Task to carry out | Please give back each line of the material unchanged, but without the images.

Records provided |
================
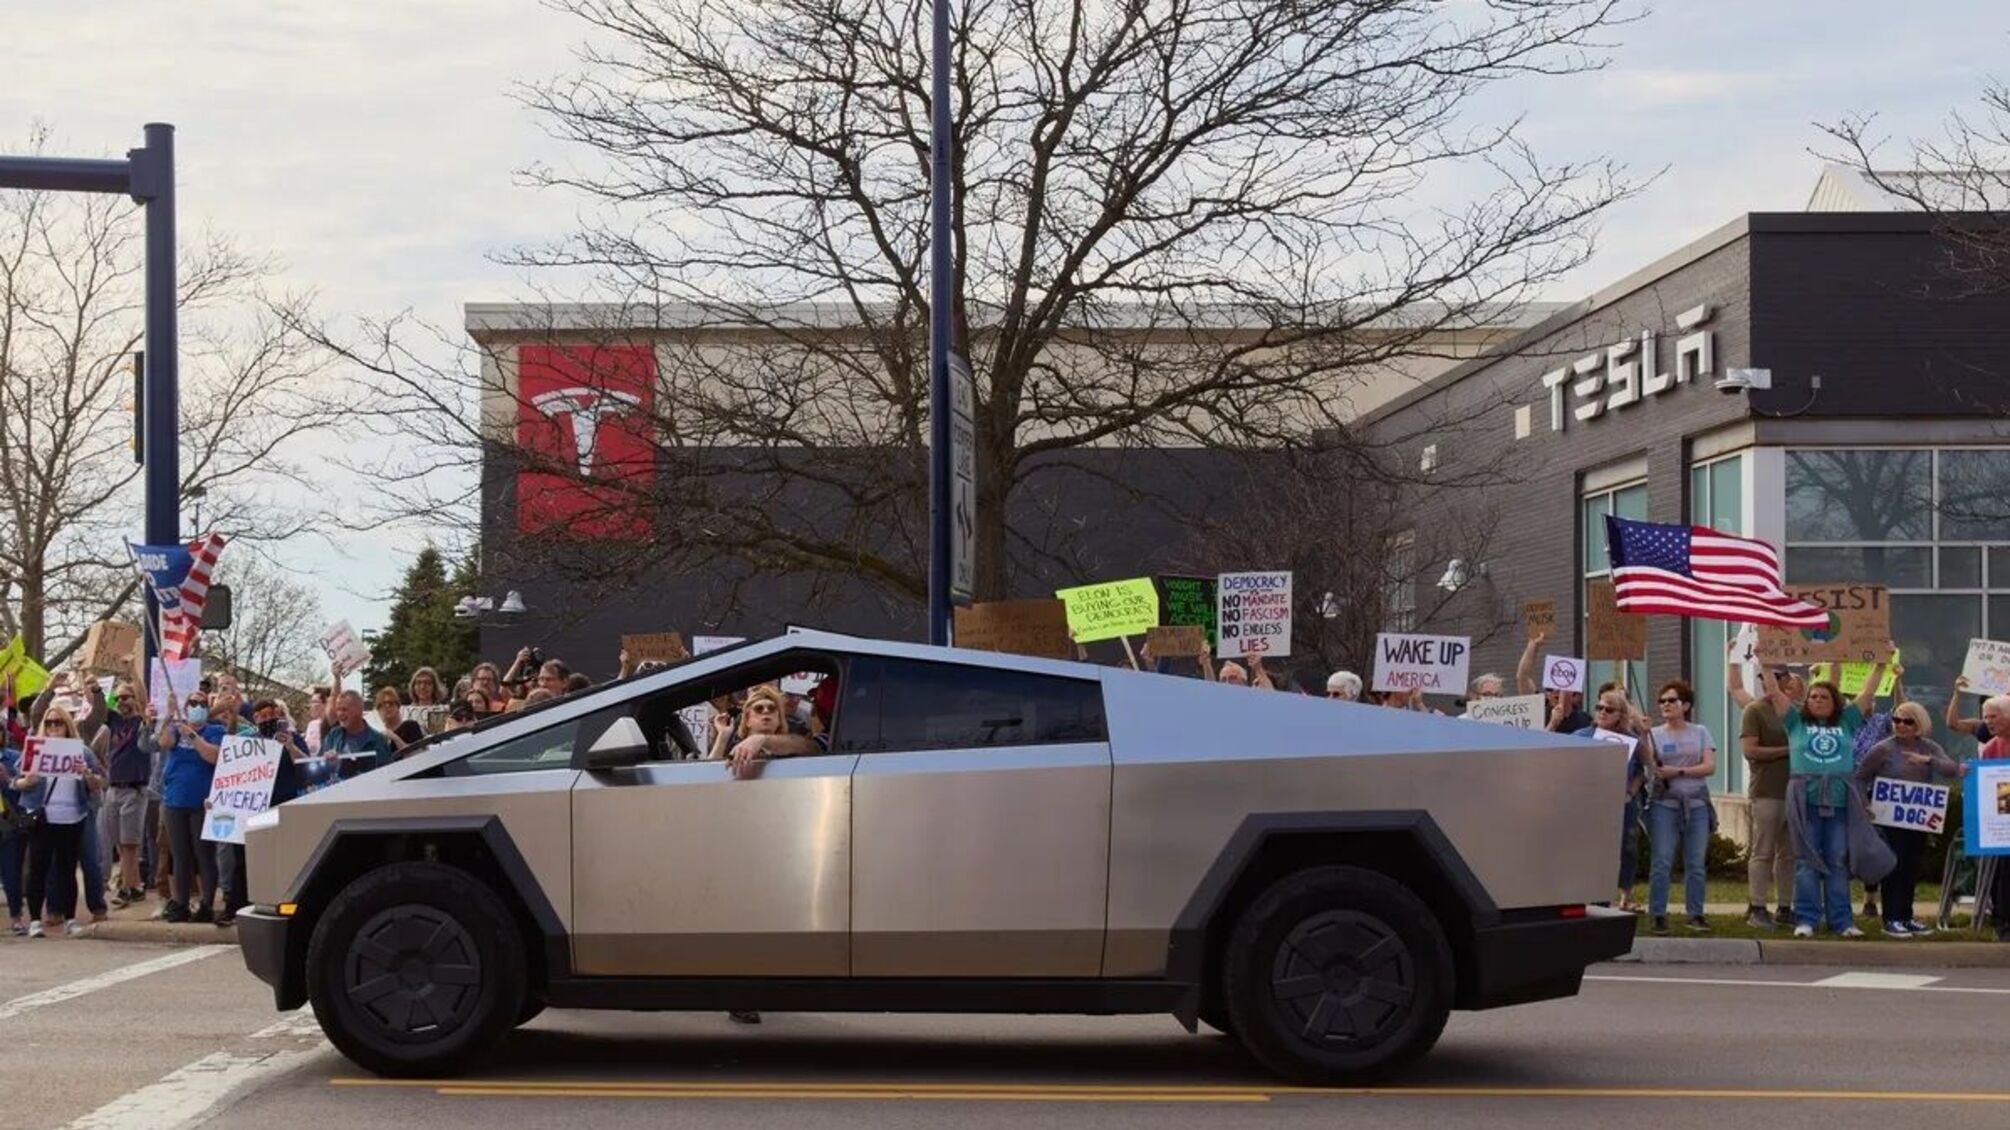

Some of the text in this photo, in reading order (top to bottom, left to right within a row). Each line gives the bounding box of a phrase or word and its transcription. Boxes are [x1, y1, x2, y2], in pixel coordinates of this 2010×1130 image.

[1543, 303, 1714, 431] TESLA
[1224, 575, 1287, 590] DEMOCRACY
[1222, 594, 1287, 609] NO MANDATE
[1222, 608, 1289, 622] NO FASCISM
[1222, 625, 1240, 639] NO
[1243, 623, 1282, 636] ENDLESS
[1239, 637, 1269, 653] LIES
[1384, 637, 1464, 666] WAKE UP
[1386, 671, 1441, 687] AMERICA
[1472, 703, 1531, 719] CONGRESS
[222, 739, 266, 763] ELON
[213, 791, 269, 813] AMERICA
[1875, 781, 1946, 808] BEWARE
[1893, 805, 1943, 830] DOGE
================
Your response |
Some of the text in this photo, in reading order (top to bottom, left to right within a row). Each line gives the bounding box of a phrase or word and its transcription. Boxes are [x1, y1, x2, y2], in pixel coordinates of this 2010×1130 image.

[1543, 303, 1714, 431] TESLA
[1224, 575, 1287, 590] DEMOCRACY
[1222, 594, 1287, 609] NO MANDATE
[1222, 608, 1289, 622] NO FASCISM
[1222, 625, 1240, 639] NO
[1243, 623, 1282, 636] ENDLESS
[1239, 637, 1269, 653] LIES
[1384, 637, 1464, 666] WAKE UP
[1386, 671, 1441, 687] AMERICA
[1472, 703, 1531, 719] CONGRESS
[222, 739, 266, 763] ELON
[213, 791, 269, 813] AMERICA
[1875, 781, 1946, 808] BEWARE
[1893, 805, 1943, 830] DOGE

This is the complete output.